Spatial localization data
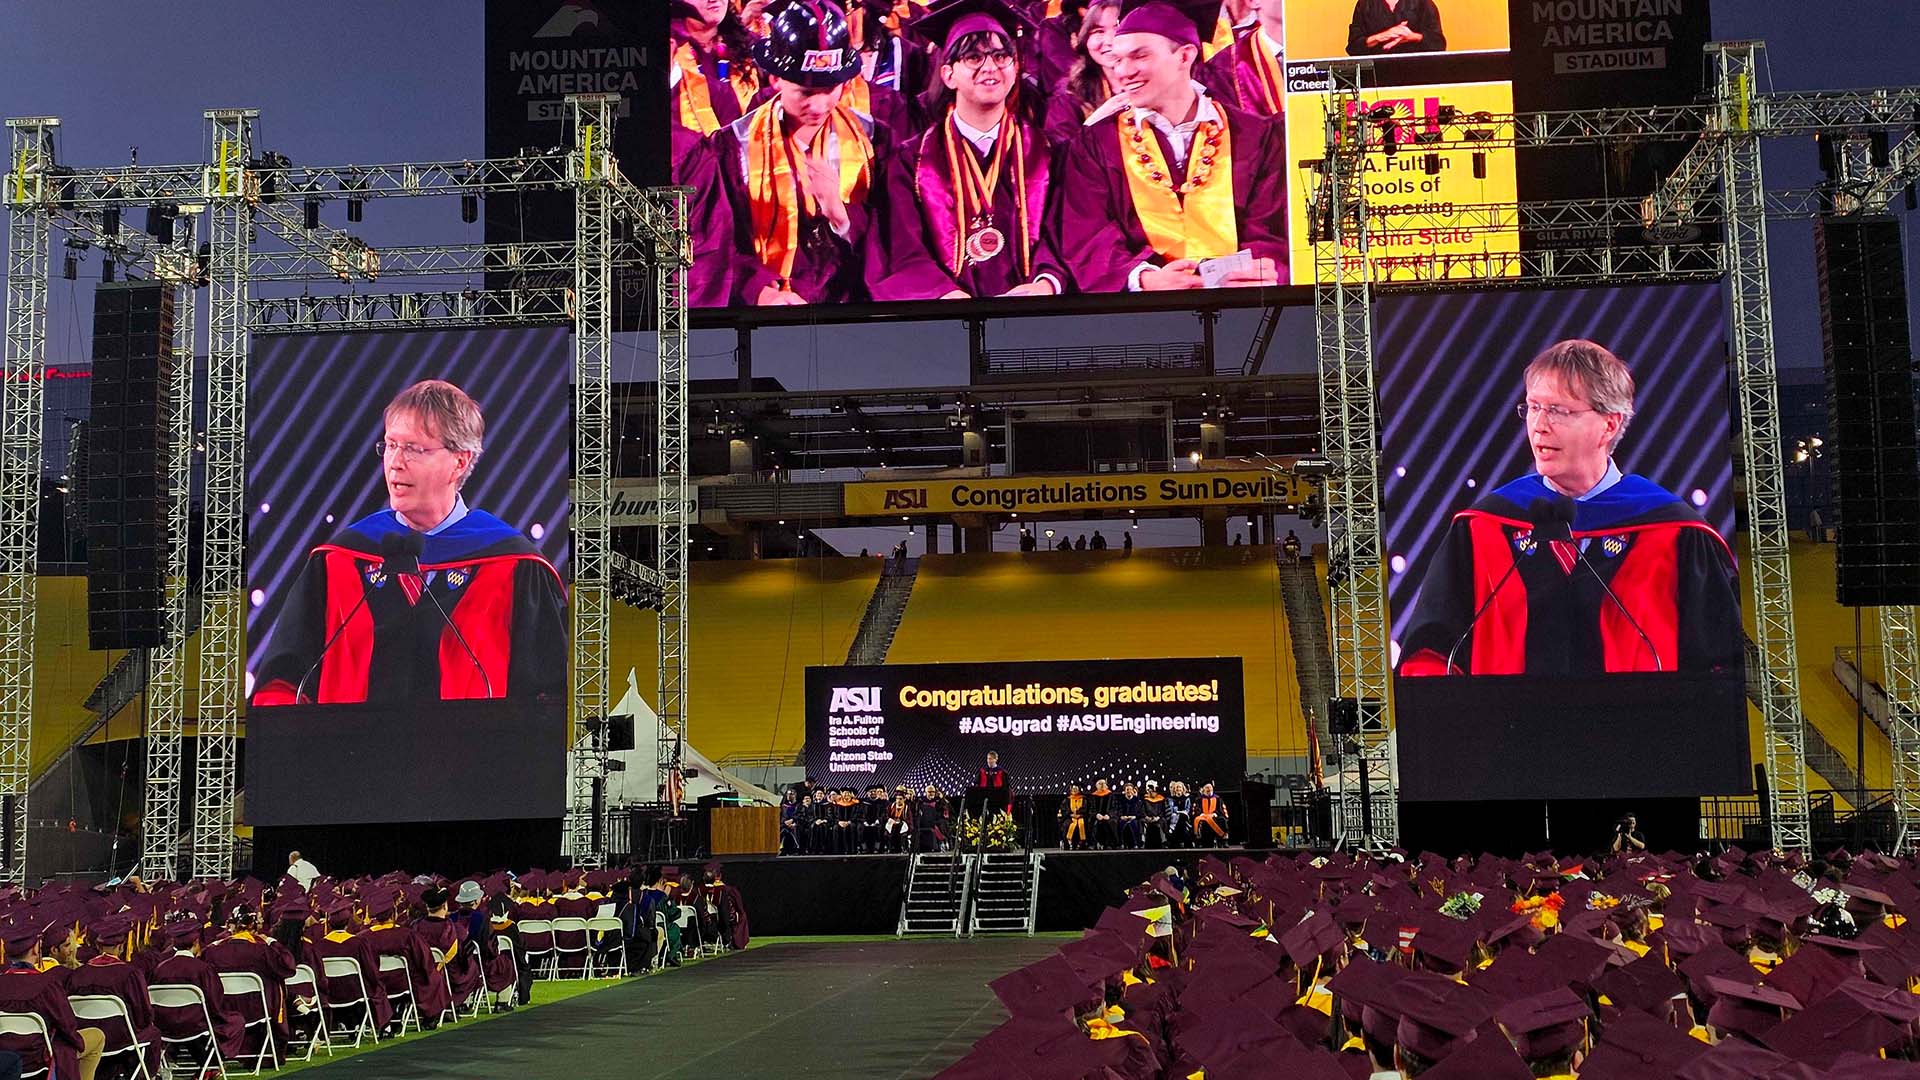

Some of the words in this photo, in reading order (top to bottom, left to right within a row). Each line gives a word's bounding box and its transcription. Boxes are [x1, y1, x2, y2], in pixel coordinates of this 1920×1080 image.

[1533, 0, 1682, 23] MOUNTAIN
[1542, 20, 1673, 47] AMERICA
[509, 47, 647, 71] MOUNTAIN
[801, 48, 843, 71] ASU
[1566, 52, 1654, 70] STADIUM
[517, 71, 639, 95] AMERICA
[1386, 155, 1450, 172] Fultn
[1420, 176, 1441, 192] of
[1419, 227, 1473, 246] State
[1536, 230, 1570, 242] GILA
[884, 489, 927, 510] ASU
[952, 482, 1147, 510] Congratulations
[1160, 478, 1208, 501] Sun
[1213, 475, 1298, 499] Devils!
[829, 687, 882, 712] ASU
[900, 683, 1089, 711] Congratulations,
[1094, 680, 1218, 708] graduates!
[829, 716, 842, 725] Ira
[843, 716, 853, 724] A.
[853, 715, 884, 724] Fulton
[959, 715, 1052, 736] #ASUgrad
[1056, 713, 1219, 734] #ASUEngineering
[829, 726, 867, 736] Schools
[869, 726, 879, 735] of
[829, 737, 885, 748] Engineering
[830, 752, 866, 761] Arizona
[867, 751, 893, 760] State
[830, 762, 877, 773] University
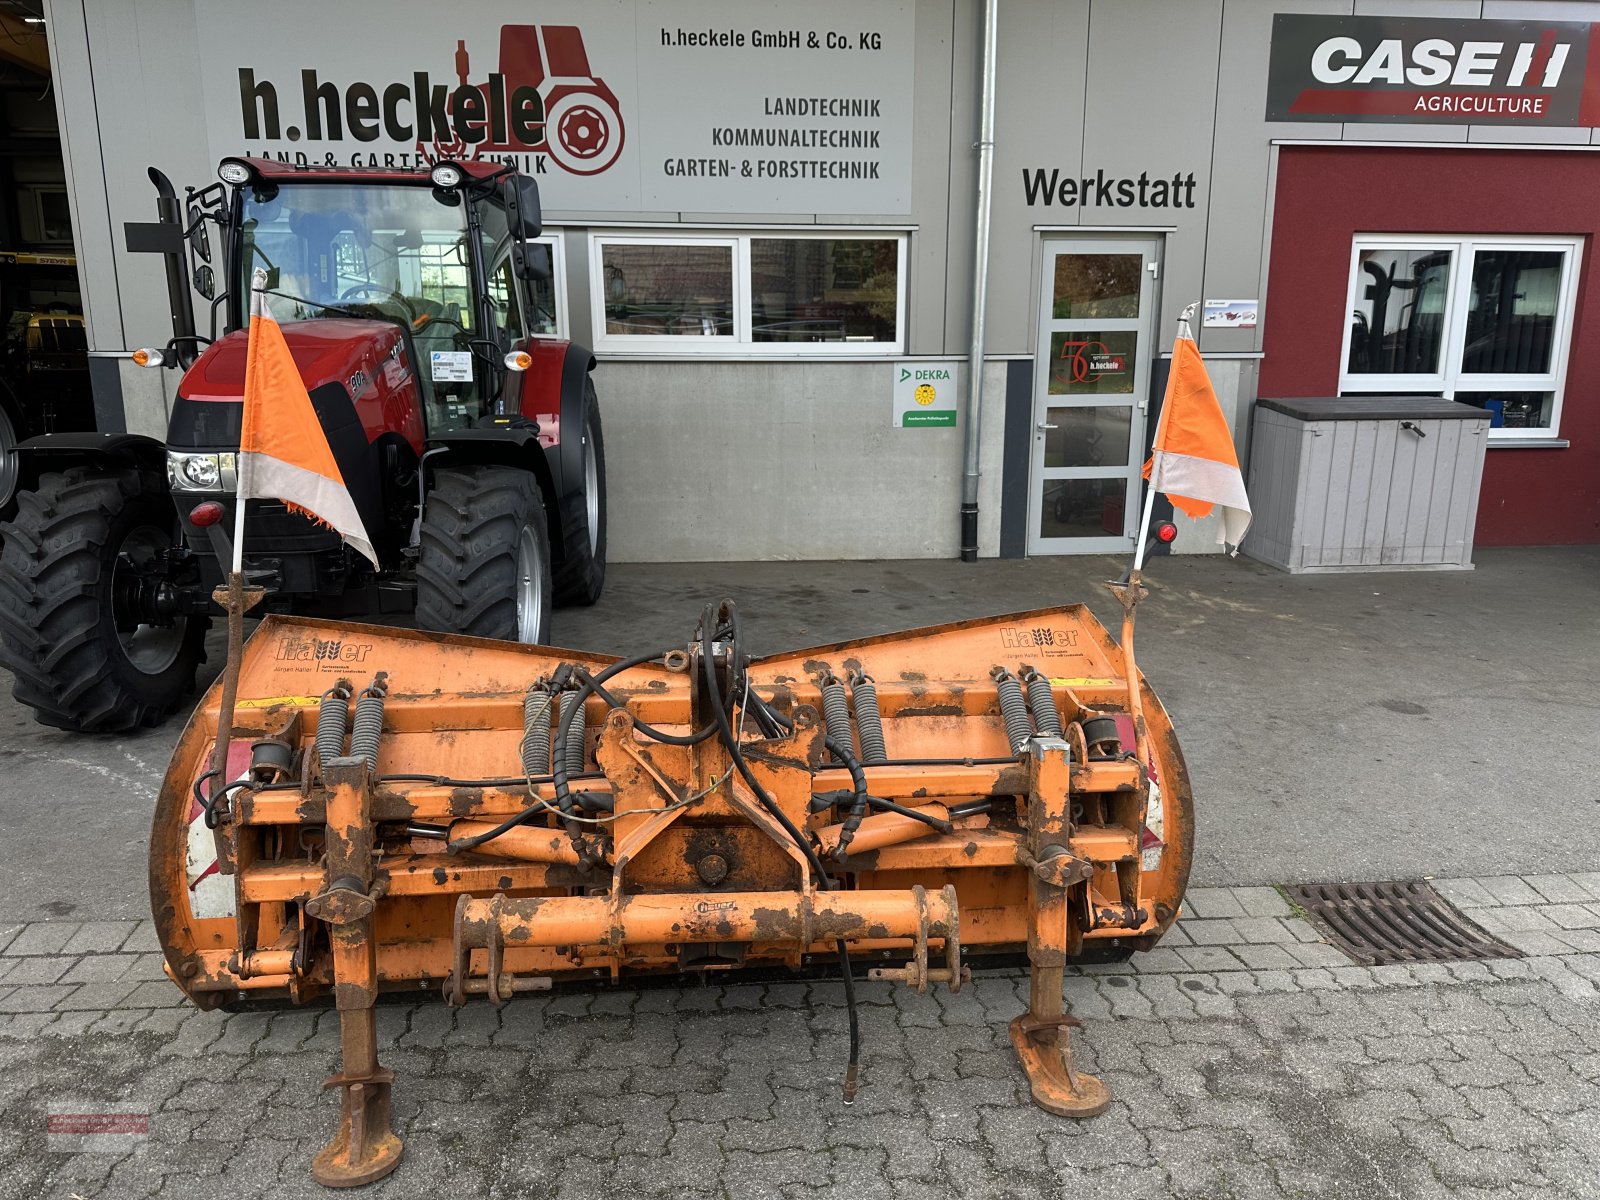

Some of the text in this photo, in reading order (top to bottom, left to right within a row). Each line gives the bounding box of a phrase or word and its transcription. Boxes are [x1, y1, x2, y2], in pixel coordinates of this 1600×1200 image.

[661, 28, 881, 50] h.heckele GmbH & Co. KG
[1311, 36, 1504, 85] CASE
[238, 67, 546, 145] h.heckele
[764, 98, 881, 117] LANDTECHNIK
[1414, 96, 1543, 113] AGRICULTURE
[712, 128, 880, 148] KOMMUNALTECHNIK
[664, 159, 880, 179] GARTEN- & FORSTTECHNIK
[1022, 168, 1196, 208] Werkstatt
[915, 369, 950, 380] DEKRA
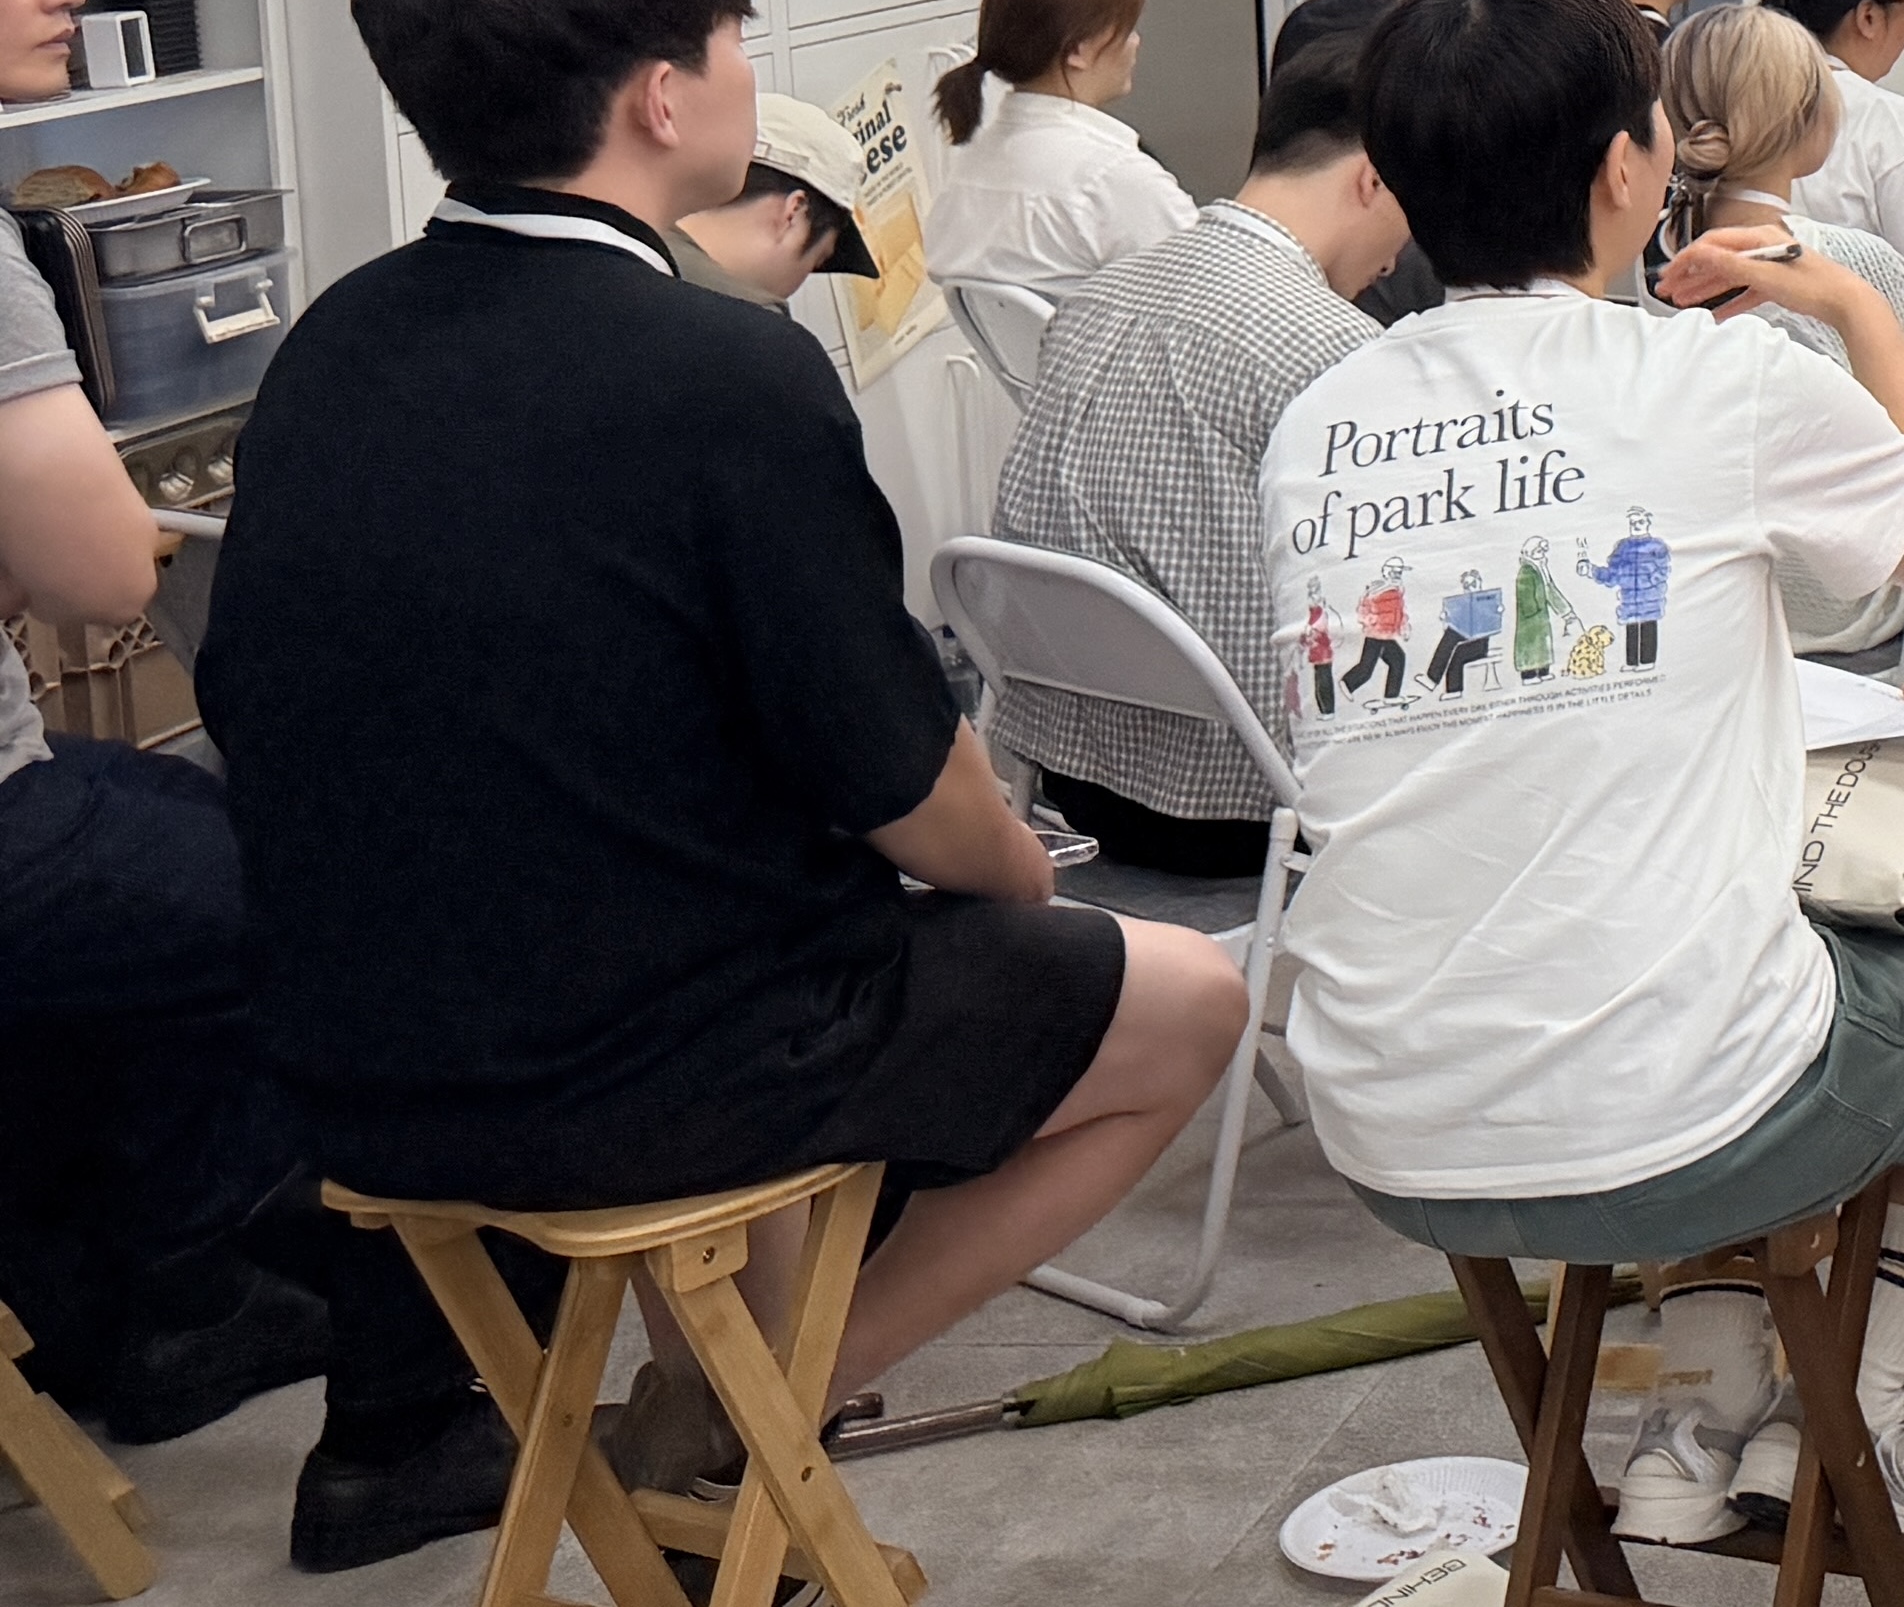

Goal of the exercise =
Copy out all the data above exactly as written. Skip the pictures.

Output =
Some of the words in this photo, in reading order (top to bottom, left to right within a row). Each line gives a word's bounding box and its transcription. Boxes are [x1, y1, x2, y2], in pixel coordinates of this 1920×1080 image.

[1533, 0, 1682, 23] MOUNTAIN
[1542, 20, 1673, 47] AMERICA
[509, 47, 647, 71] MOUNTAIN
[801, 48, 843, 71] ASU
[1566, 52, 1654, 70] STADIUM
[517, 71, 639, 95] AMERICA
[1386, 155, 1450, 172] Fultn
[1420, 176, 1441, 192] of
[1419, 227, 1473, 246] State
[1536, 230, 1570, 242] GILA
[884, 489, 927, 510] ASU
[952, 482, 1147, 510] Congratulations
[1160, 478, 1208, 501] Sun
[1213, 475, 1298, 499] Devils!
[829, 687, 882, 712] ASU
[900, 683, 1089, 711] Congratulations,
[1094, 680, 1218, 708] graduates!
[829, 716, 842, 725] Ira
[843, 716, 853, 724] A.
[853, 715, 884, 724] Fulton
[959, 715, 1052, 736] #ASUgrad
[1056, 713, 1219, 734] #ASUEngineering
[829, 726, 867, 736] Schools
[869, 726, 879, 735] of
[829, 737, 885, 748] Engineering
[830, 752, 866, 761] Arizona
[867, 751, 893, 760] State
[830, 762, 877, 773] University

Some of the text in this photo, in reading order (top to bottom, left to right within a row). Each line gives the bounding box of a phrase or word and its transcription. Boxes are [x1, y1, x2, y2], in pixel coordinates of this 1600×1200 image.

[661, 28, 881, 50] h.heckele GmbH & Co. KG
[1311, 36, 1504, 85] CASE
[238, 67, 546, 145] h.heckele
[764, 98, 881, 117] LANDTECHNIK
[1414, 96, 1543, 113] AGRICULTURE
[712, 128, 880, 148] KOMMUNALTECHNIK
[664, 159, 880, 179] GARTEN- & FORSTTECHNIK
[1022, 168, 1196, 208] Werkstatt
[915, 369, 950, 380] DEKRA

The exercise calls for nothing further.